I tried to reason with him, which infuriated him more. He started yelling at me while his arms were wrapped around my body. I was flooded with emotions. Primarily I was feeling anger at being yelled at, and embarrassment; after all the school administrators were watching this unfold. I wanted to yell back at him. I wanted to pull away. Instead I took a deep breath and hugged him. He sobbed and yelled and hugged me back squeezing a bit too hard. I wanted to pull him off of me. I wanted to disappear. But I knew that wouldn’t actually help the situation, and honestly, I didn’t want the school staff to see me unhinged. So instead I took a deep breath and said, “I’m sorry. I know how much you were looking forward to this, and you must be so disappointed.” He continued yelling at me, “You did this! You ruin everything! You’re the worst mommy in the world!”
As we become angry, our brains release neurotransmitters which do a host of things including lock our attention on the thing which is a threat. We are ready to fight, potentially for a sustained period of time. In an adult, this is when (we hope) the prefrontal cortex (planning and judgement) comes online. But the prefrontal cortex doesn’t really fully develop until sometime in the early 20s. So in my 8 year old son we were contending with someone who had very big feelings and very limited coping skills. In this moment our best hope was that my prefrontal cortex was going to step it up.
I took another deep breath and said, “I’m sorry that this happened this way. I wish it was different. I understand you are angry at me. But you have a doctor’s appointment, so let’s see if we can make the best of this.” Now, although he was still yelling and crying, he followed me into the car. As we drove I kept my attention on taking deep breaths and attempted to met his anger with softness. Eventually the sobs were quieter. After a few minutes he said, through his tears, “I’m sorry that I’m yelling at you.” I took another deep breath, quelled my wish to lecture him, thought for a minute and said to him, “I don’t like being yelled at, but I really do understand that you are super upset and I wish that this had happened differently. I know that you were really looking forward to extra recess.” His breath was coming in big hiccups now as he was calming down. After a few minutes longer he said, “Can we get ice cream afterwards?” I exhaled, felt my body relax a bit, and agreed that sounded like a good compromise.
In essence, managing your anger means learning ways to strengthen your prefrontal cortex so it can regulate how you react to the feeling generated by the amygdala. The most basic of ways is using relaxation techniques, such as taking mindful breaths; or using cognitive awareness, like my knowledge that things don’t go well if I react with anger, to bring judgement into play.

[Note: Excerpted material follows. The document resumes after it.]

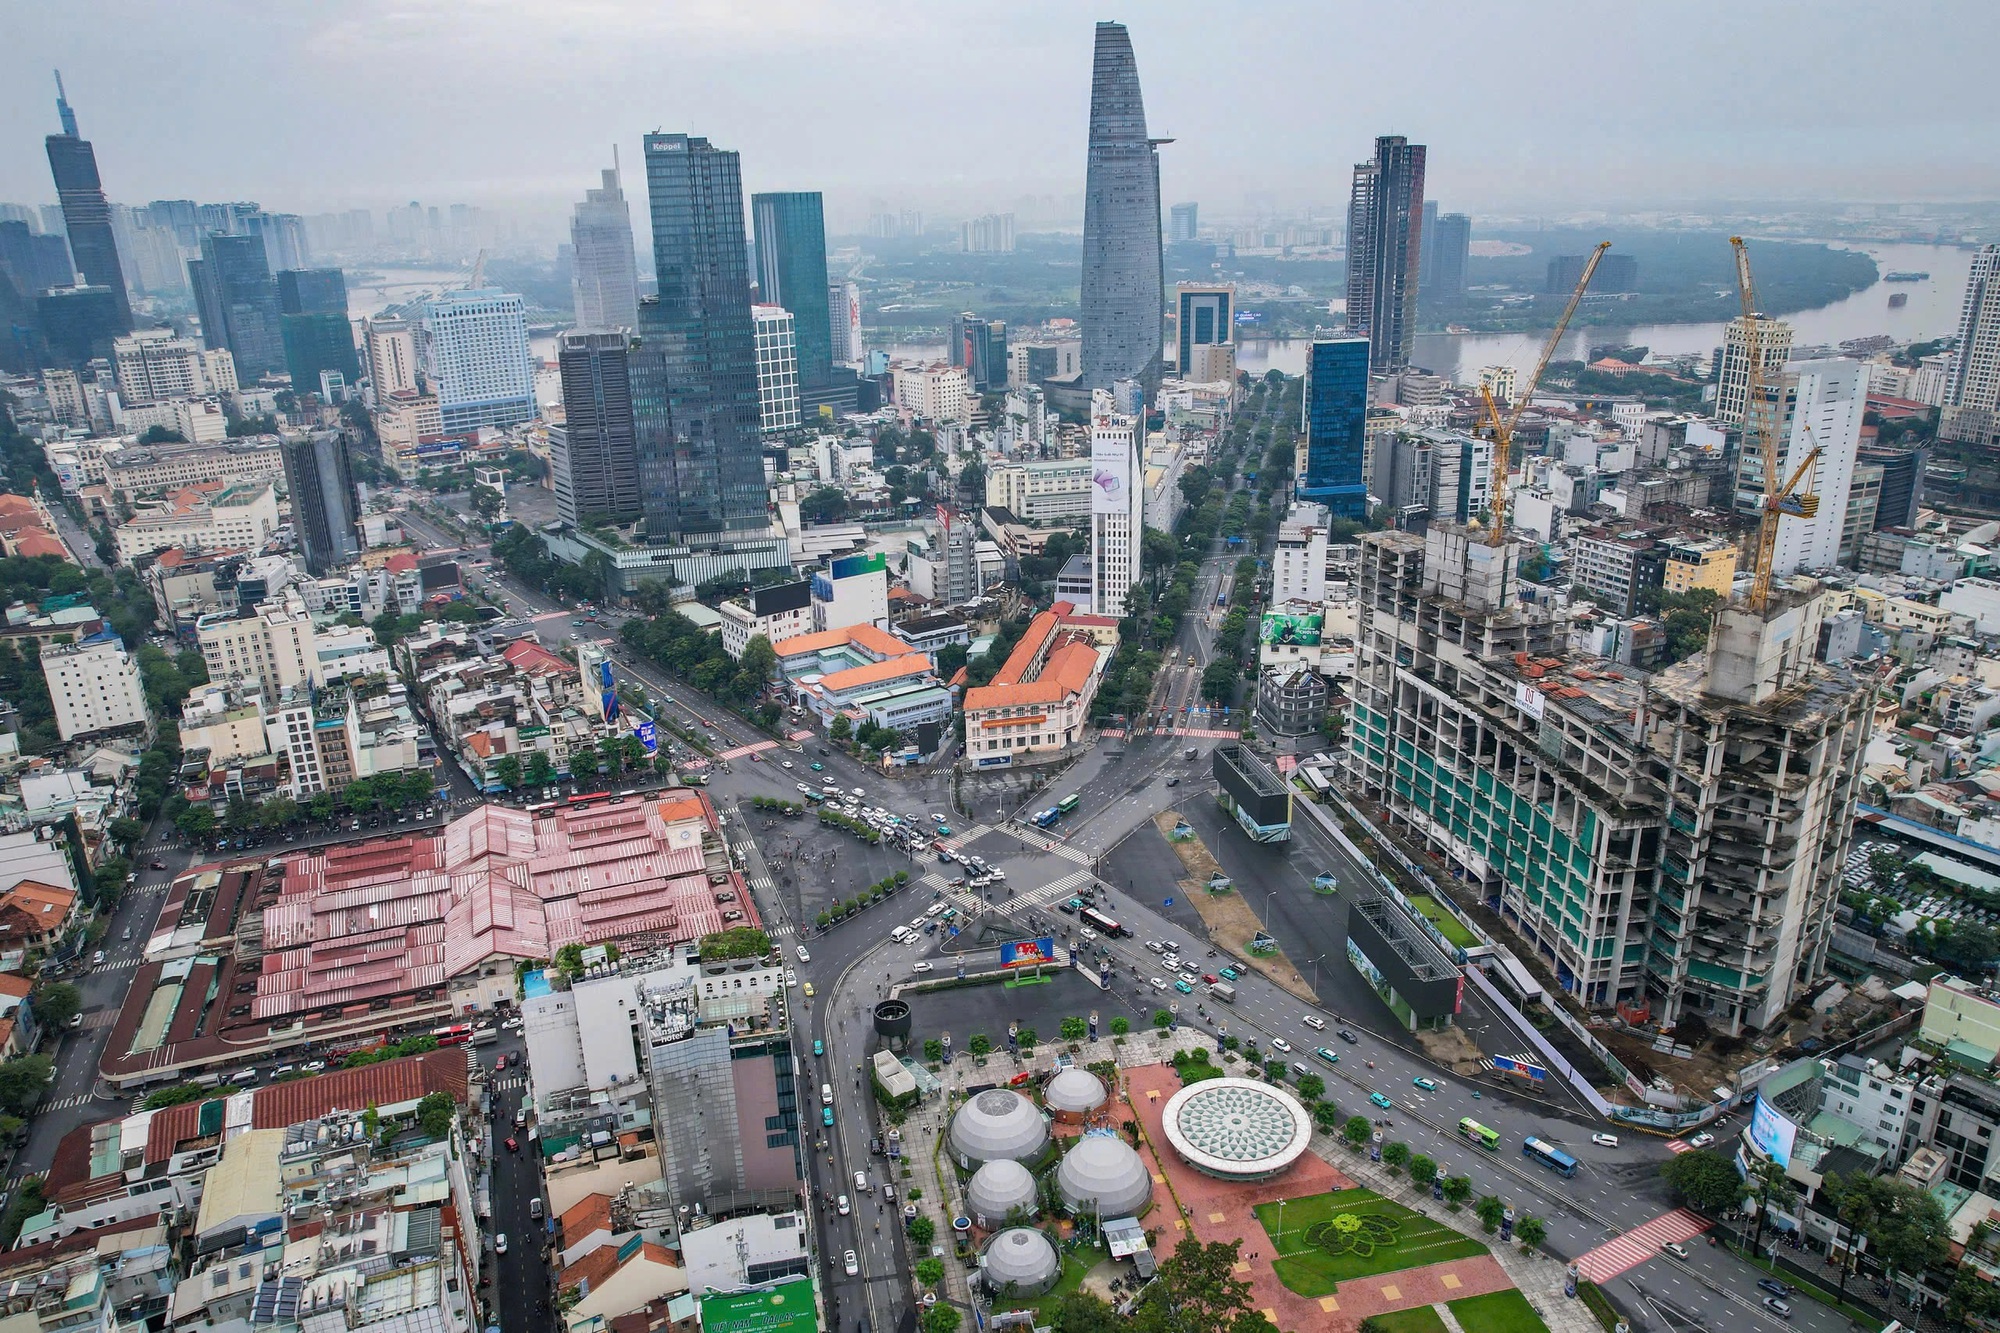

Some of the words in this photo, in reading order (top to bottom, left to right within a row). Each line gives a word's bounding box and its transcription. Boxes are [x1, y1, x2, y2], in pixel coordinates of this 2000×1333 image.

[653, 143, 681, 151] Keppel
[1112, 418, 1127, 426] MB
[762, 1311, 795, 1325] DALLAS

I am proud of my son, for being able to put words to his hugely intense emotions. That’s a big task for any of us human beings, and kids biology makes managing emotions even harder. And I’m proud of myself for taking those breaths so I could meet his anger with softness. Much of my pride comes from the knowledge that there have been loads of times I’ve met his anger with anger of my own. Without fail, that unravels into a bigger mess. I’m sure that I’ll fail again. This time I managed to squeak out a win for us both. So I gave myself a mental high-five for a job well done.